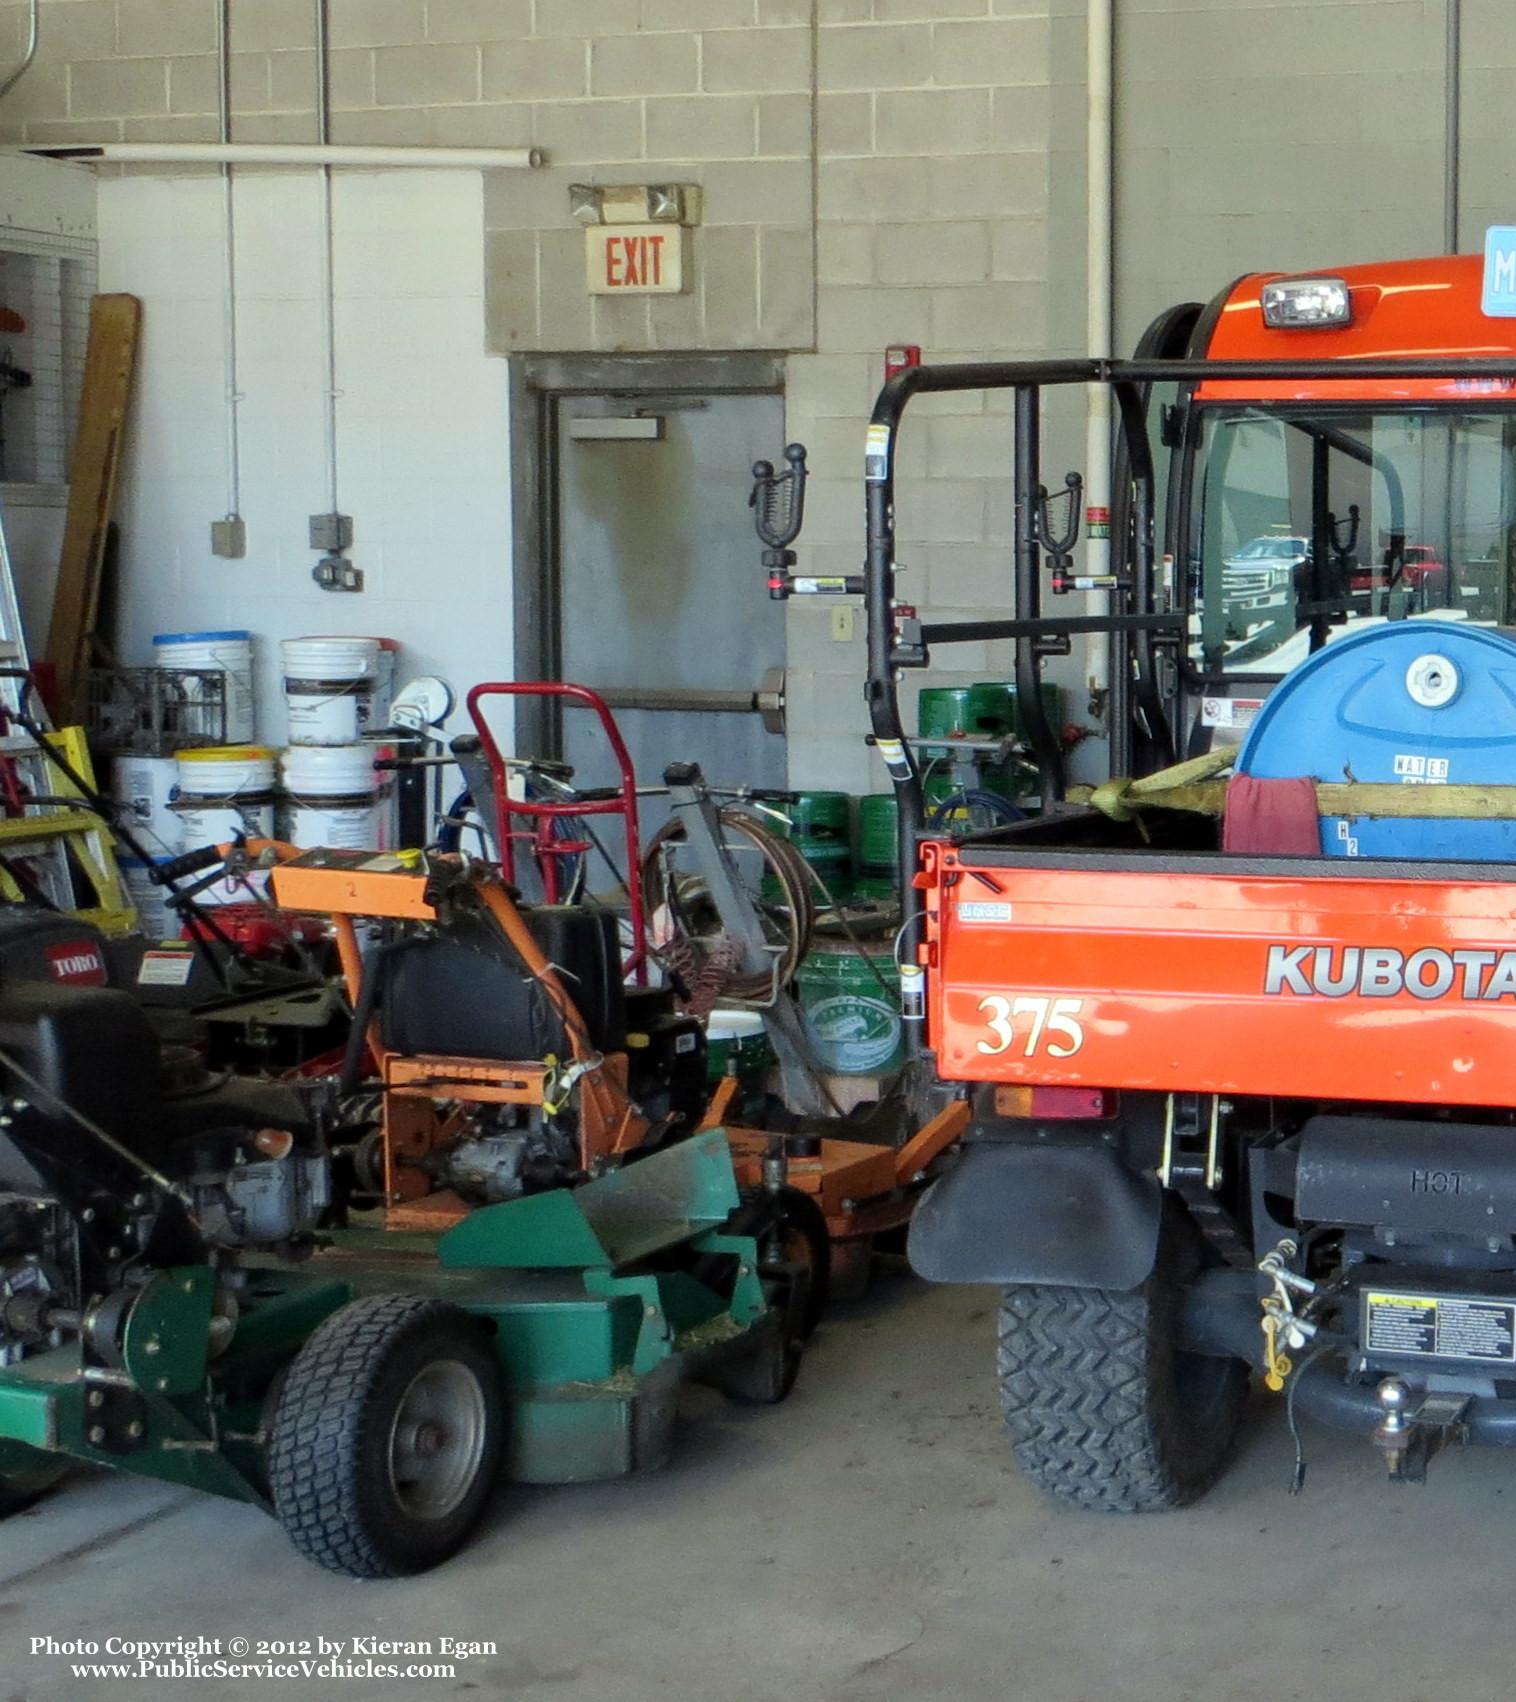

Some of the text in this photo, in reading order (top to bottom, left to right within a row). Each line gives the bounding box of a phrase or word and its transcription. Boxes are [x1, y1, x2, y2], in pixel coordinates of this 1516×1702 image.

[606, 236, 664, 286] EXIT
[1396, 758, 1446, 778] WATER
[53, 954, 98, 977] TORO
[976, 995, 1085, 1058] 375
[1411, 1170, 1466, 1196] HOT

...

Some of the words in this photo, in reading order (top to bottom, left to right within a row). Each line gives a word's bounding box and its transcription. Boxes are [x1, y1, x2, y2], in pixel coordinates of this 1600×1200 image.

---

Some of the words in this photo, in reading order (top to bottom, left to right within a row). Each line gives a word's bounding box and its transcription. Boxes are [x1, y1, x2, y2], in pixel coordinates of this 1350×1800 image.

__Assignment__. Locate all lines in the listing above with the word "words" and copy them.

__Exercise response__.
Some of the words in this photo, in reading order (top to bottom, left to right within a row). Each line gives a word's bounding box and its transcription. Boxes are [x1, y1, x2, y2], in pixel coordinates of this 1600×1200 image.
Some of the words in this photo, in reading order (top to bottom, left to right within a row). Each line gives a word's bounding box and its transcription. Boxes are [x1, y1, x2, y2], in pixel coordinates of this 1350×1800 image.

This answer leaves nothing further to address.